TASK TO CARRY OUT: Could you give the data that follows again exactly, without its pictures?
++++
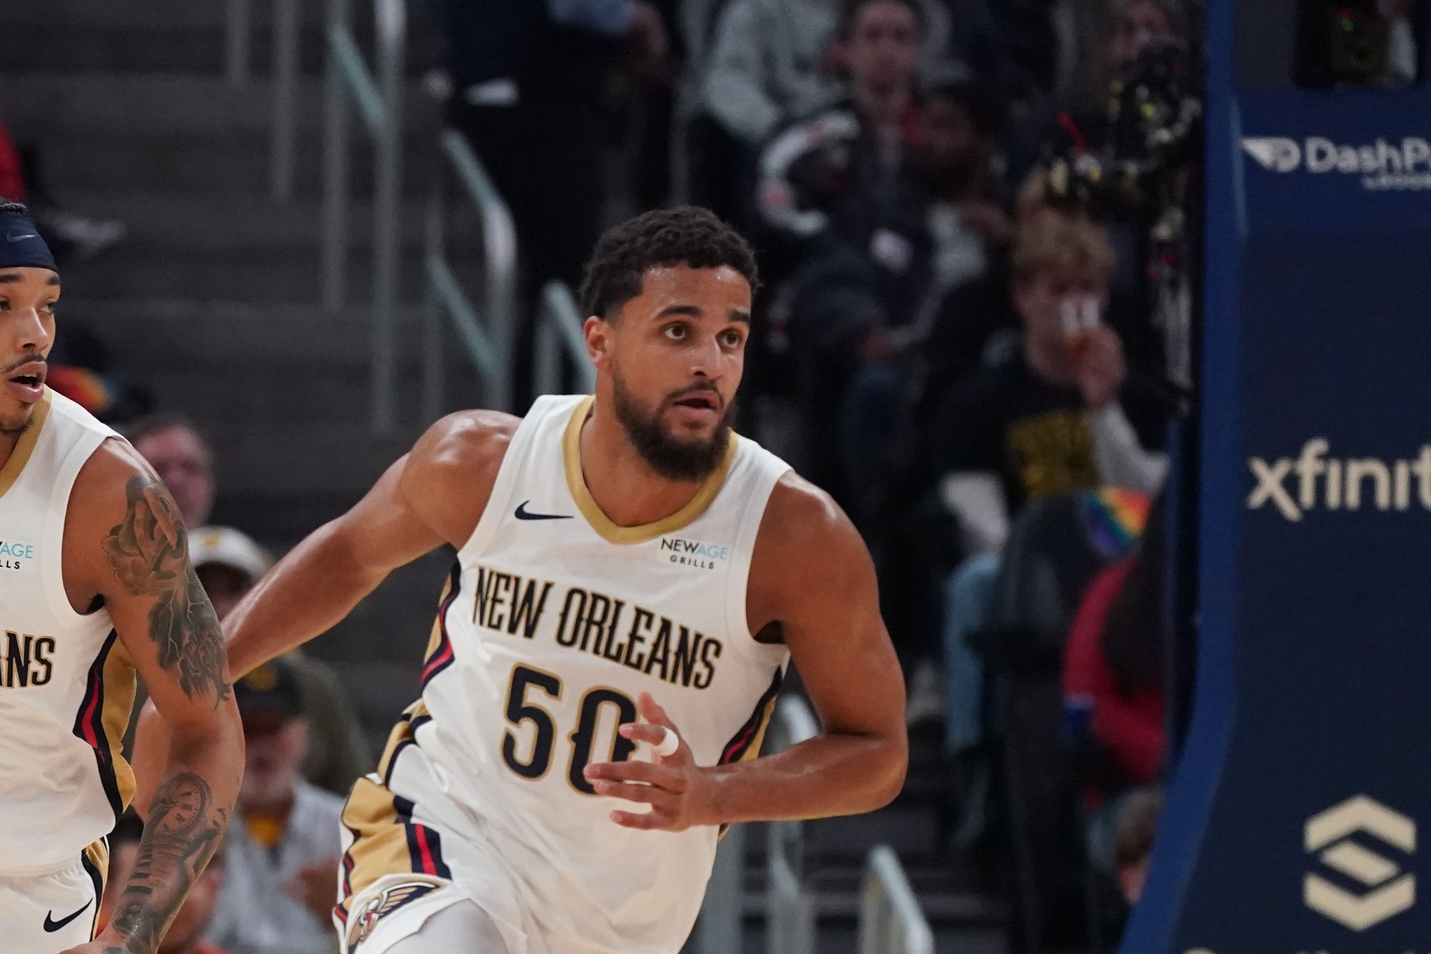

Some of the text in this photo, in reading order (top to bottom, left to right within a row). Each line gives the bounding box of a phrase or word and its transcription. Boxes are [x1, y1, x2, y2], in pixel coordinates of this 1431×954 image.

[1305, 136, 1431, 173] DashP
[670, 554, 715, 570] GRILLS
[472, 566, 722, 690] NEW ORLEANS
[501, 662, 638, 796] 50
++++
OUTPUT BELOW:
Some of the text in this photo, in reading order (top to bottom, left to right within a row). Each line gives the bounding box of a phrase or word and its transcription. Boxes are [x1, y1, x2, y2], in pixel coordinates of this 1431×954 image.

[1305, 136, 1431, 173] DashP
[670, 554, 715, 570] GRILLS
[472, 566, 722, 690] NEW ORLEANS
[501, 662, 638, 796] 50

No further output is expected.